Task to carry out: Each line of the data below should be restated exactly, with images left out.

Segment Start: Records supplied

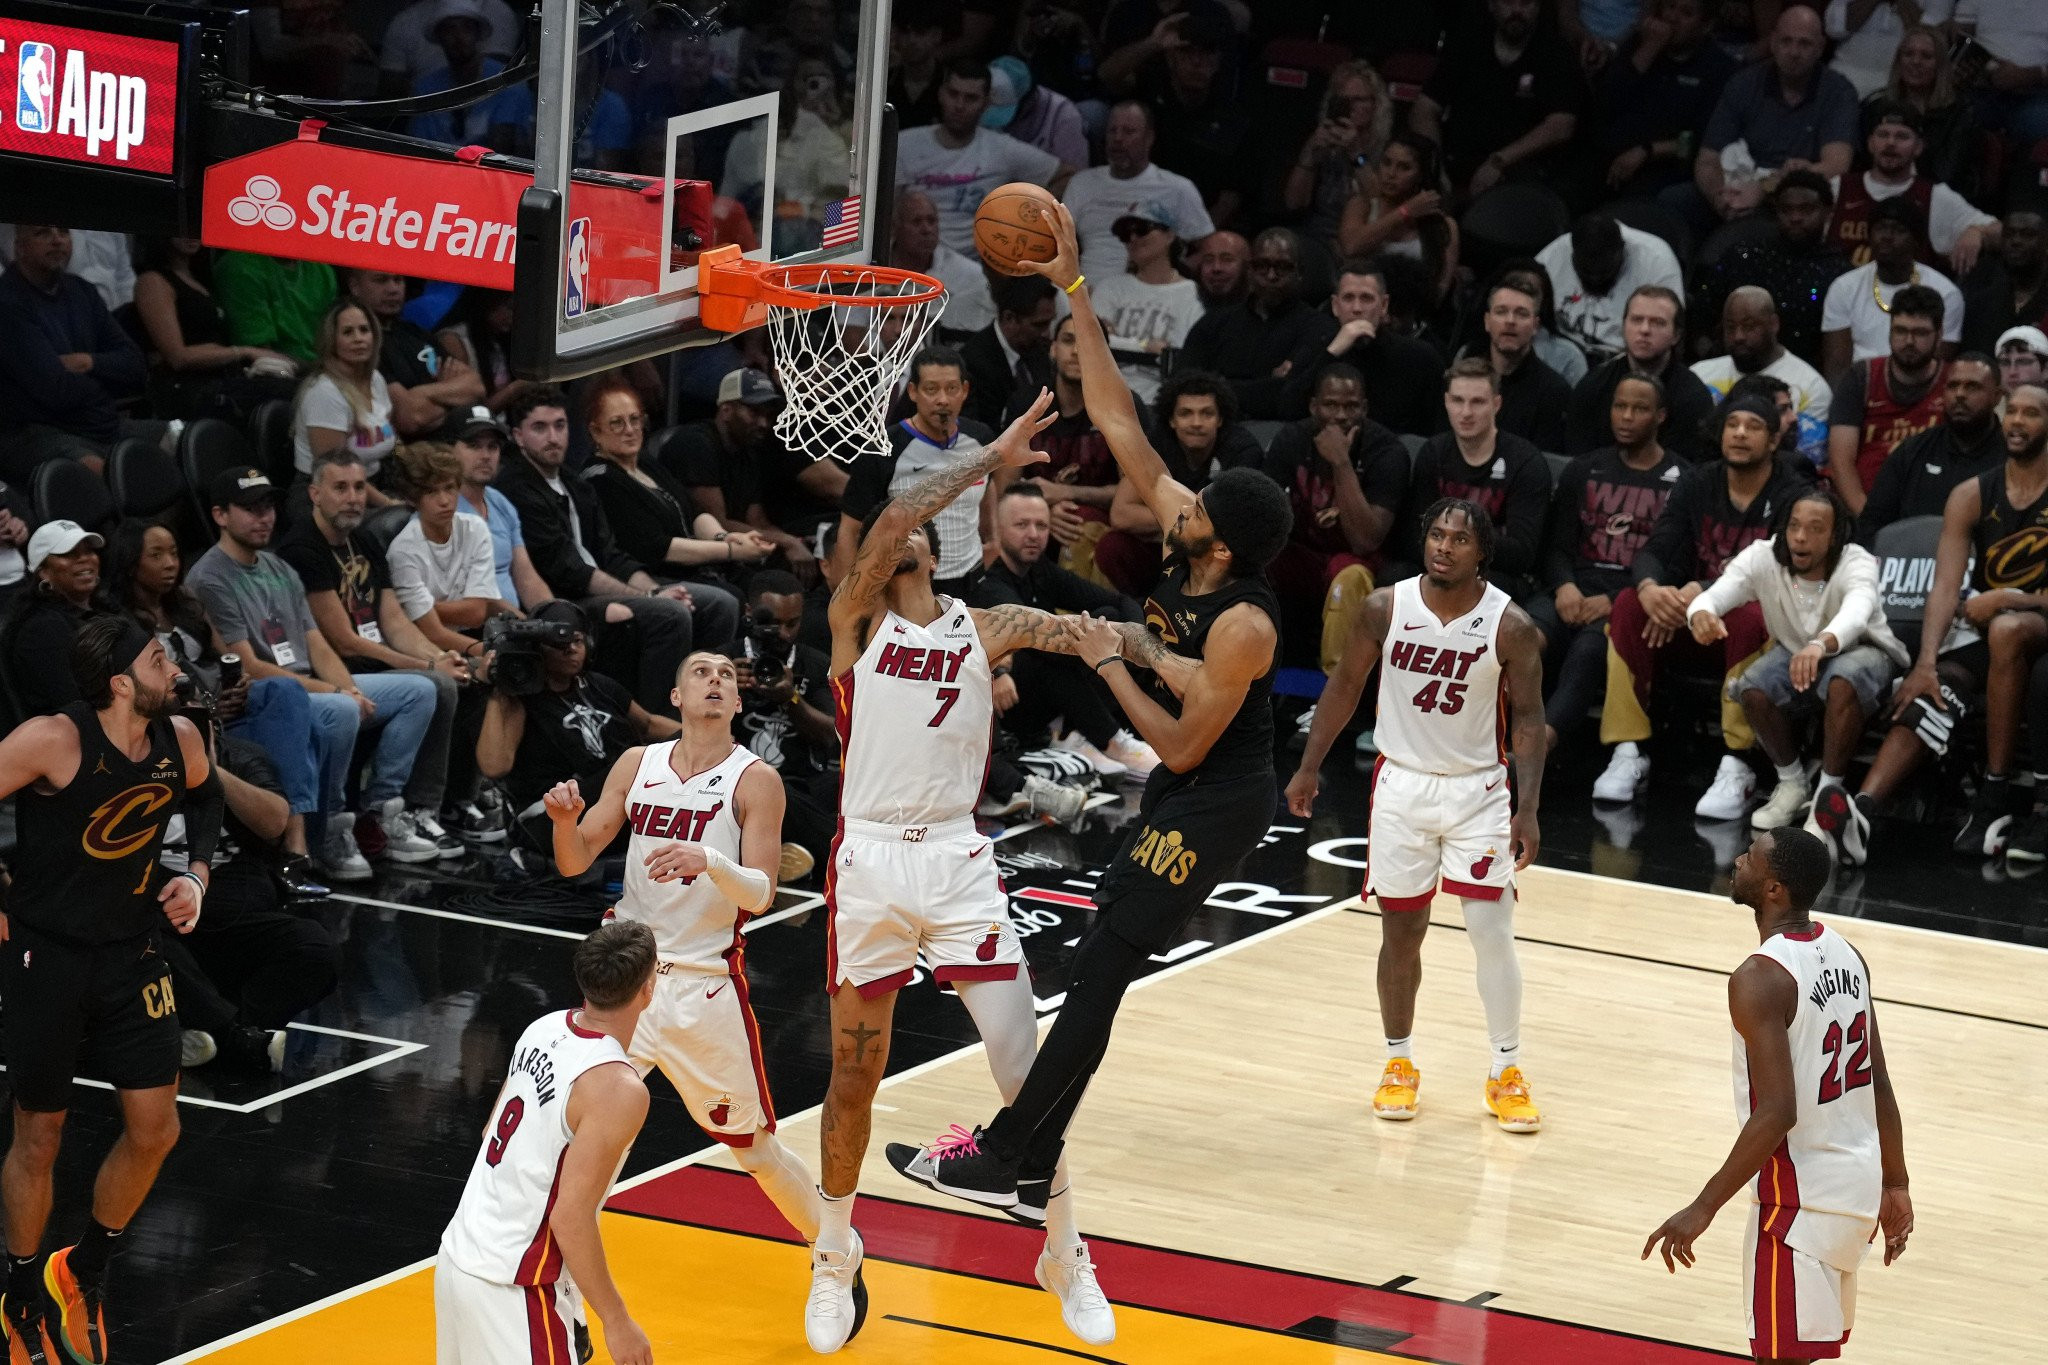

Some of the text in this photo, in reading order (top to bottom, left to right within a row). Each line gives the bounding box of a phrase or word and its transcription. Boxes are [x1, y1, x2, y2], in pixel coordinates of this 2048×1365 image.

[56, 48, 147, 161] App
[1174, 612, 1191, 636] CLIFFS
[875, 641, 973, 683] HEAT
[1390, 640, 1489, 681] HEAT
[926, 687, 961, 728] 7
[1412, 679, 1469, 716] 45
[151, 770, 178, 780] CLIFFS
[630, 799, 724, 842] HEAT
[132, 858, 154, 895] 1
[510, 1047, 555, 1108] LARSSON
[1817, 1009, 1872, 1106] 22
[485, 1094, 525, 1169] 9

Segment End: Records supplied

Exercise output:
Some of the text in this photo, in reading order (top to bottom, left to right within a row). Each line gives the bounding box of a phrase or word and its transcription. Boxes are [x1, y1, x2, y2], in pixel coordinates of this 2048×1365 image.

[56, 48, 147, 161] App
[1174, 612, 1191, 636] CLIFFS
[875, 641, 973, 683] HEAT
[1390, 640, 1489, 681] HEAT
[926, 687, 961, 728] 7
[1412, 679, 1469, 716] 45
[151, 770, 178, 780] CLIFFS
[630, 799, 724, 842] HEAT
[132, 858, 154, 895] 1
[510, 1047, 555, 1108] LARSSON
[1817, 1009, 1872, 1106] 22
[485, 1094, 525, 1169] 9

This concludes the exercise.